Dmitri Holtzman of the Equal Education Law Centre says national policy regarding pupil transport needs to be finalised.
Pupils who have to walk more than 6km to school and back qualify for state-provided transport, according to KwaZulu-Natal education department policy. Yet hundreds of children in rural Nquthu walk double that distance to get an education.
“I’m walking 14km, so it’s 28km return,” said Sphilele Thusini, a grade 11 pupil at Mangeni Secondary School.
“It affects my classes because … I can’t concentrate on my school work because I’m tired.”
The Mail & Guardian met Thusini while visiting Nquthu in central KwaZulu-Natal to shoot a documentary on transport for pupils.

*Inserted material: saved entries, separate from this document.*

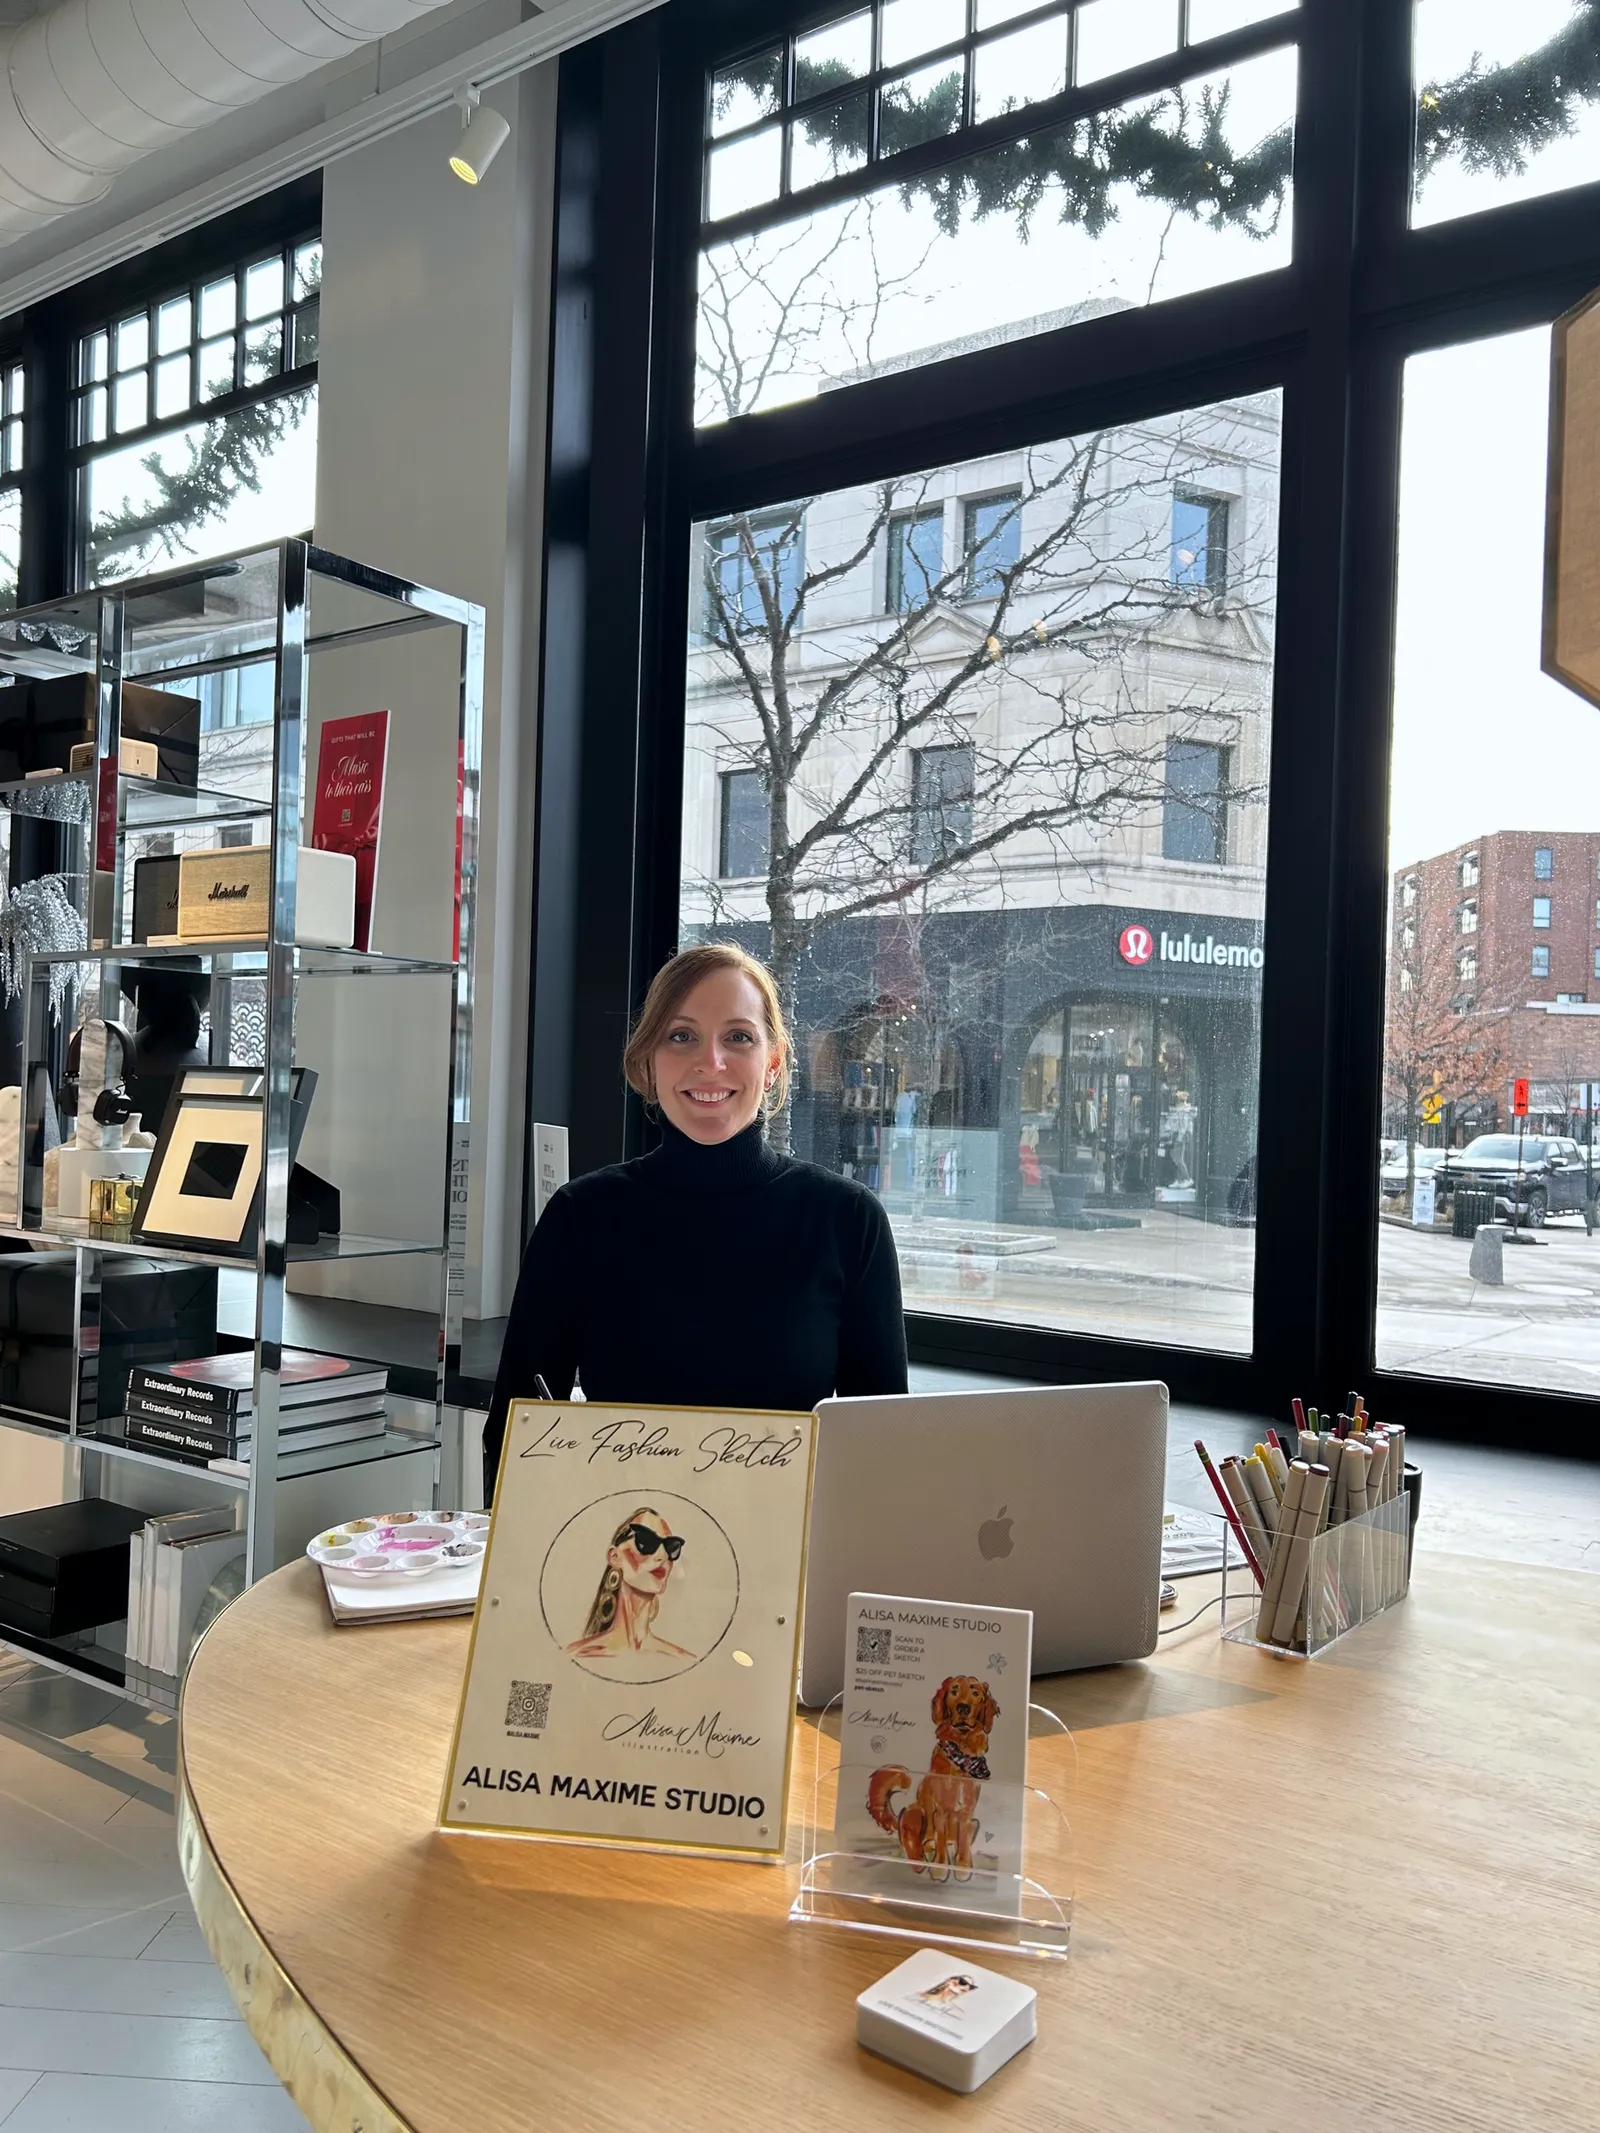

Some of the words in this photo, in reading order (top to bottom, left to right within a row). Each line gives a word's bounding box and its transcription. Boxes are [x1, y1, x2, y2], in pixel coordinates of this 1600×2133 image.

[331, 755, 369, 782] Music
[325, 783, 334, 799] to
[334, 780, 354, 798] their
[354, 779, 372, 795] ears
[207, 882, 250, 901] Marshall
[1160, 931, 1264, 968] lululemo
[144, 1378, 187, 1397] Extraordinary
[187, 1386, 214, 1402] Records
[141, 1400, 184, 1419] Extraordinary
[184, 1409, 213, 1425] Records
[142, 1425, 185, 1444] Extraordinary
[185, 1436, 213, 1451] Records
[519, 1416, 581, 1458] Live
[588, 1420, 685, 1464] Fashion
[693, 1427, 802, 1473] Sketch
[858, 1608, 895, 1623] ALISA
[898, 1613, 950, 1628] MAXIME
[952, 1618, 1002, 1634] STUDIO
[894, 1644, 919, 1653] ORDER
[895, 1635, 914, 1643] SCAN
[915, 1637, 925, 1645] TO
[893, 1653, 921, 1663] SKETCH
[883, 1670, 897, 1678] PET
[898, 1672, 925, 1681] SKETCH
[602, 1707, 683, 1741] Alisa
[676, 1711, 761, 1759] Maxime
[622, 1741, 700, 1755] illustration
[462, 1766, 541, 1794] ALISA
[550, 1775, 657, 1807] MAXIME
[665, 1787, 765, 1819] STUDIO

It emerged that many children walk for more than three hours, and climb mountains, cross rivers and face the threat of crime just to get to school.
Thusini said there were “dangerous snakes, and sometimes we are facing lightning … we are crossing a river there; it’s a dangerous river – we can even die because of it”.
Unavoidable punishment
If they don’t time their journey carefully, children risk arriving at school late and being locked out of the classroom by a teacher or being beaten as punishment.

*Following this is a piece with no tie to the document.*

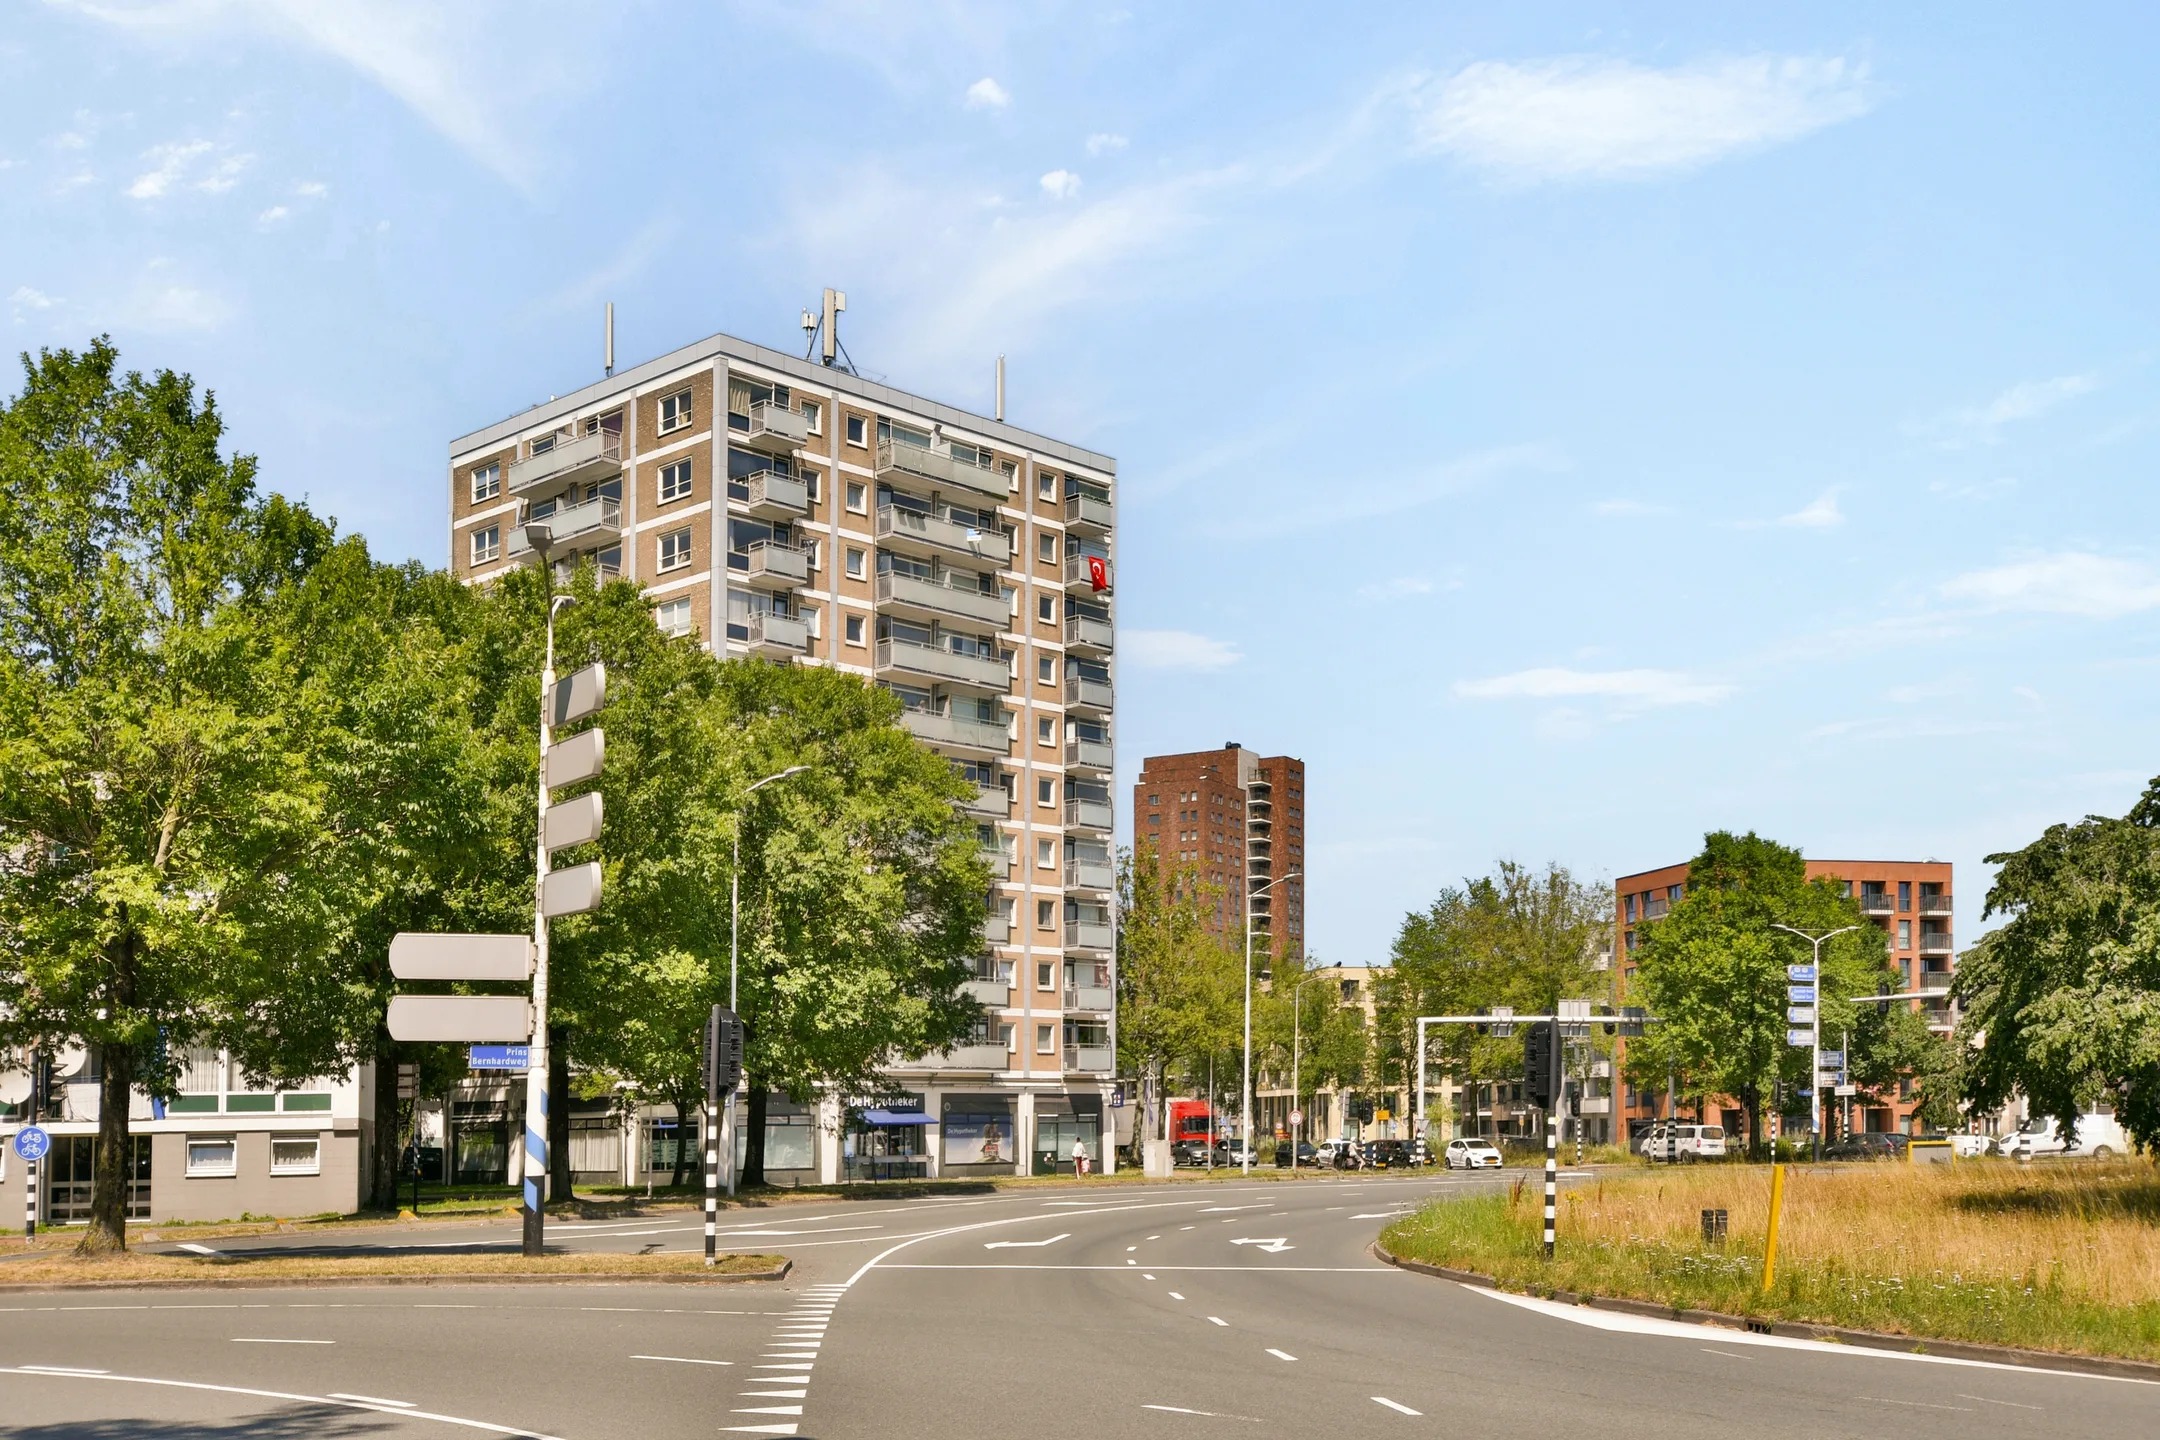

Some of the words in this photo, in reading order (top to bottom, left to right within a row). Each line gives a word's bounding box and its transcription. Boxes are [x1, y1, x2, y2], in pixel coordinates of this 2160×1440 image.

“When I am late, I can miss the early classes and the teachers punish me … it is not easy for me to walk because there are mountains and that’s why I’m always late,” he said.
The province’s education department states in its 2013 policy on public school transport that “learners who travel a return distance of six kilometres to and from school are eligible for learner transport”.
It adds: “However, due to financial constraints preference is given to learners that travel the longest distance to the nearest grade-appropriate school.”
But this policy is not implemented for many Nquthu pupils. The nongovernmental organisation Equal Education is campaigning for this to change.
Information gathering
Its one-person office in Nquthu, headed by facilitator Sandile Ndlovu, is gathering information about pupils’ experiences travelling to school. With the help of its partner organisation, the Equal Education Law Centre, the NGO has begun communicating with the KwaZulu-Natal education department about the shortfall in transport for pupils.
Ndlovu said his focus was on making pupils aware of their right to learn in conducive conditions. This included informing them about the transport policy.
“So many pupils don’t know they have rights and the teachers … many of them are not helpful. You can show them the Bill of Rights and they will just say: ‘This is a piece of paper’ and ‘It does not concern me,'” he told the M&G.
The law centre’s executive director, Dmitri Holtzman, said he did not know exactly how many South African pupils need transport “since these figures have not been published and, as far as I can tell, they have not in fact been audited by the department of transport or the department of basic education”.
“What we do know is that the General Household Survey, conducted by Statistics South Africa in 2013, noted that 8.7 million pupils across the country walk to school.” He said most of these children were in KwaZulu-Natal (two million), followed by the Eastern Cape (1.6-million).
“Of these pupils in these provinces, over 200 000 pupils, or 10%, in KwaZulu-Natal walk for more than an hour to get to school, while in the Eastern Cape approximately 109 000 pupils walk for more than an hour to get to school,” said Holtzman.
“Against these figures and in the same year, only 15 600 pupils in KwaZulu-Natal were being provided with transport. This is according to statements by the minister of transport in Parliament.”
But provincial education spokesperson Isaac Luthuli, said a departmental survey indicated that “71 000 learners are in need of learner transport”. He did not say when this survey was conducted.
“An audit is being conducted for 2015. The number of pupils currently benefitting from pupils transport is 23 206.”
Budget shortfalls
Holtzman said one of the main causes for the shortfall in pupil transport was “a severe lack of budgeting”.
He said that KwaZulu-Natal spent only R125-million on transport for pupils in the 2013-2014 financial year, despite it being the province with the “greatest need”, and that “only the Northern Cape and the Free State spent less on scholar transport”.
Luthuli conceded that there is “a need for the top up in the budget in order to accommodate the learners in the shortfall”.
Gauteng finance MEC Mandla Nkomfe said at the tabling of the province’s 2013-2014 provincial budget that the education department planned to extend transport to 57 000 pupils in that financial year and that R1.1-billion had been set aside for this purpose.
Law centre attorneys and Equal Education activists visited Nquthu at the end of last year and again at the beginning of this year “to investigate the extent and effects of the lack of scholar transport for pupils there”, Holtzman said.
He said Equal Education will be “sending formal letters to the provincial education and transport MECs, highlighting the evident shortcomings in the provision of scholar transport in KwaZulu-Natal and requesting that they urgently indicate their plan to address this.”